First local memory work

Hi,

I do my first steps for local memory working and try to begin with this global memory working code :
datas : a={0,1,2,3,…}, b={0,3,6,9,…}



__kernel void localTest(__global const unsigned char *a,
                        __global const unsigned char *b,
                        __global unsigned char *c)
{
    int x = get_global_id(0);
    c[x] = a[x]+ b[x];
}

, where it’s OK. (c={0,4,8,12,…})

The following code generates wrong value :


#define TILE_DIM 16

__kernel void localTest(__global const unsigned char *a,
                        __global const unsigned char *b,
                        __global unsigned char *c)
{
    int x = get_global_id(0);

    __local unsigned char localTemp[2];

    localTemp[0] = a[x]; //(*)
    localTemp[1] = b[x]; //(**)

    c[x] = localTemp[0] + localTemp[1];
}

If I only comment (**) and do (c[x]=localTemp[0];), values are correct,(c={0,1,2,3,…})
if I only comment (*) and do (c[x]=localTemp[1];), values are correct too.(c={0,3,6,9,…})
But the code above give : (c={15,18,21,24,…})

Can you help me to resolve this issue?
Thanks in advance.

Local memory is shared across all work-items in a work-group. Right now with that code, all work-items are fighting to read and write into the same localTemp[0] and localTemp[1].

I suggest looking at some examples like convolution using local memory.
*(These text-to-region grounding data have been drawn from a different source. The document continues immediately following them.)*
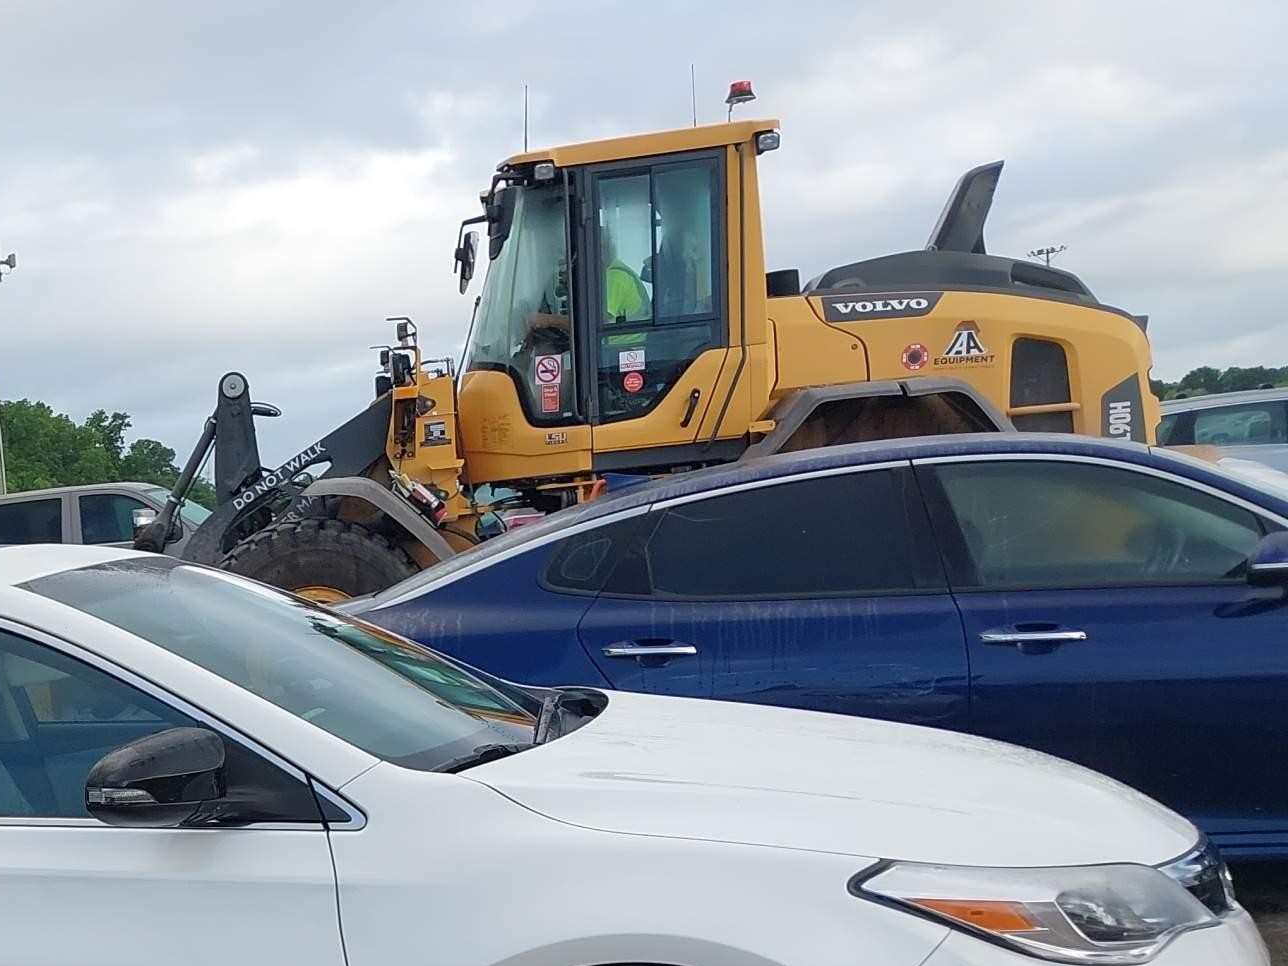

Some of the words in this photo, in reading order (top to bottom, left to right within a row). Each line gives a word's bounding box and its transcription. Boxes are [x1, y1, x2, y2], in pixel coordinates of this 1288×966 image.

[832, 298, 929, 314] VOLVO
[933, 354, 995, 366] EQUIPMENT
[232, 490, 255, 511] DO
[255, 470, 285, 493] NOT
[285, 442, 328, 473] WALK
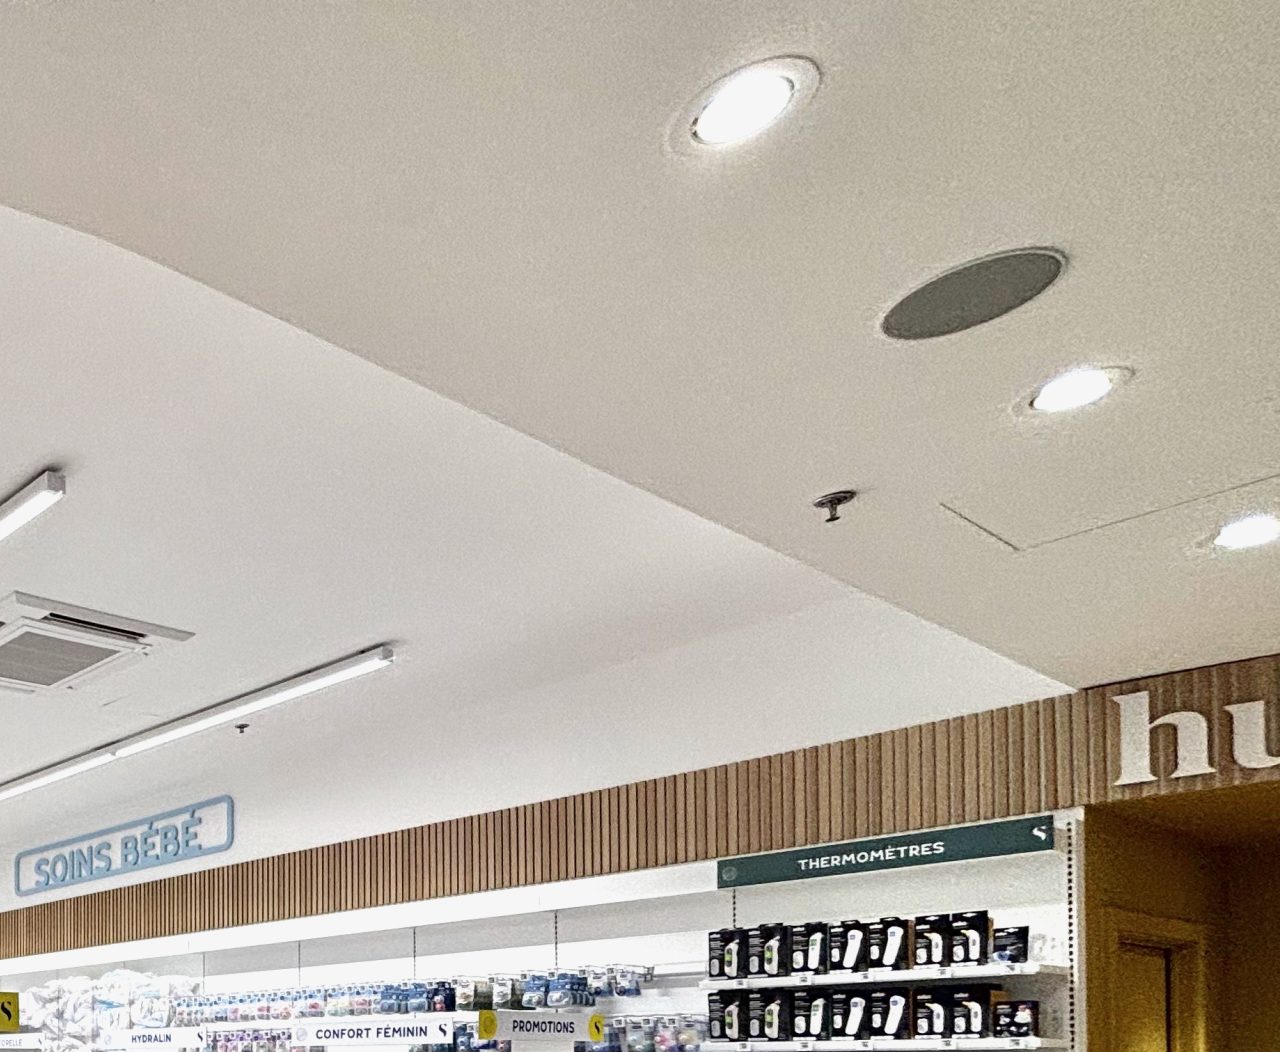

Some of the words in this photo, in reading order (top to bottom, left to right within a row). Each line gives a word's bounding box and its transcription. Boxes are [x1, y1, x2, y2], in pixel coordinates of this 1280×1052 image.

I’ll do that but some are already complex for begin :
http://developer.download.nvidia.com/compute/cuda/3_0/sdk/website/OpenCL/website/samples.html

I “find” how to do work my little code :


#define TILE_DIM 16

__kernel void localTest(__global const unsigned char *a,
                        __global const unsigned char *b,
                        __global unsigned char *c)
{
    int x = get_global_id(0);
    int lx = get_local_id(0);

    __local unsigned char localTemp1[TILE_DIM];
    __local unsigned char localTemp2[TILE_DIM];
   
    localTemp1[lx] = a[x];
    localTemp2[lx] = b[x];

	c[x] = localTemp1[lx] + localTemp2[lx];
}

, but I ask me if it’s the good way to do, I mean create 2 local array? And, of course, it’s not my goal to do work this code.

If I can, let me ask some questions :
1 - Does work with local memory means (always or not) work with group size, group id? For the example above , ‘a’ or ‘b’ array is much bigger then local arrays (max local memory size), how to manage it? “Max group size” by “max group size” data processing on local memory?
2 - Does a[x+TILE_DIM] not trying to write to same location localTemp1[lx], but it seems like it work ?

Thanks.

Right. I should have provided some more info. The way you are doing it now looks good. Yes, the code looks good with two arrays since the data comes from two different places. You could put all the data into a single array, but it would not help.

Does work with local memory means (always or not) work with group size, group id? For the example above , ‘a’ or ‘b’ array is much bigger then local arrays (max local memory size), how to manage it? “Max group size” by “max group size” data processing on local memory?

The main idea with local memory is this: if you know that many work-items in the same work-group are going to read from the same locations in global memory, then put that data into local memory and read from there instead. Even though you pay the cost of copying data from global to local, it can be a big win if it saves you from having to read from global memory many times.

Of course, local memory is much smaller than global memory, so you have to divide the work into pieces. Each work-group reads a small piece of data (some KB) from global memory into local memory, does some operations using that local memory and finally writes the result out.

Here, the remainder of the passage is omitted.